Haikuists, too, traditionally look at what’s right there in the moment and write of that. Today there are many departures from that tradition; not everyone is a haiku purist any more. Nevertheless I like this, which was recently posted in a facebook haiku group:

How to Write a Haiku

Details confuse me,
so when I see a rose,
although I do not know
its pedigree, I write down “rose.”
And when I cut it,
I do not know whether
I should cut it on a slant
or straight, or underwater twice,
so I write down “cut.”
And when I put it in a vase,
I do not know whether it is raku
or glaze, or, perhaps good plastic,
so I write down “vase.”
and when I see two red leaves
on the earth beside the rose bush,
I do not know from which tree
they have fallen
so I write down “red leaves.”
And as I set the vase
and the leaves on the table,
I write down
     rose just cut
     beside the vase
     two red leaves
And although I do not know
the details of what I have just done,
the sadness of it all
cracks my heart open.

Naomi Beth Wakan

This poem first appeared in Segues (Toronto: Wolsak and Wynn, 2005) and Sex After 70 and Other Poems (Toronto: Bevalia Press, 2010).

One reader commented that haiku can be more specific:
But sometimes a more precise word is better, for instance "blackbird" rather than "bird" etc. And sometimes a vague word works better and sometimes a more precise one. Haiku writing is an art with guidelines not rules.
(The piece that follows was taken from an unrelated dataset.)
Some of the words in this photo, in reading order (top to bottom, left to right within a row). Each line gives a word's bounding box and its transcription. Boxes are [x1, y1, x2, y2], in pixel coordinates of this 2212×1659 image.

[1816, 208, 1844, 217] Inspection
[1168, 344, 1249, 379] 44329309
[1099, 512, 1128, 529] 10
All very true – and I don't think it invalidates the poem. In fact, the blurb of one of Wakan's books says: Wakan shows by example that the "rules" are not to be taken as impediments, but rather as guideposts on the journey....

[Someone also wondered why simplicity should make the poet sad. I think that was a misunderstanding; I believe Wakan meant to convey the ‘wabi-sabi’ which many Japanese poets strive for, to do with the ephemeral nature of all things.]

Anyway – your optional prompt today is to look and see what is present, in your surroundings and/or your heart, and write of that.

We accept verse or prose, old or new, formal or free (prose to be a maximum of 369 words, excluding title). Please share by linking below to the relevant post at your blog, ONE link per person; then enjoy each other's writings.

Next Week, Magaly will invite us to Upcycle Words: take previously discarded prose or poetry or thoughts, and reuse them to craft a piece of higher quality than the original.

(Rose photo © Rosemary Nissen-Wade 2019.)


Friday, April 1, 2022

Friday Writings #20: A Piece of Cake

Hello, Word Artists and Admirers! I am using my turn at hosting to wish one of the admins of this page a happy birthday a few days early. Happy birthday, Magaly Guerrero!

While you are free to write on any topic that speaks to you, in honor of Magaly’s birthday I’m making this week's suggested prompt about cake. Simply include the word cake somewhere in your piece. I’m taking poetry and prose, fiction and non-fiction. Just be sure to keep prose to 369 words or less, and it's one entry per person, please and thank you.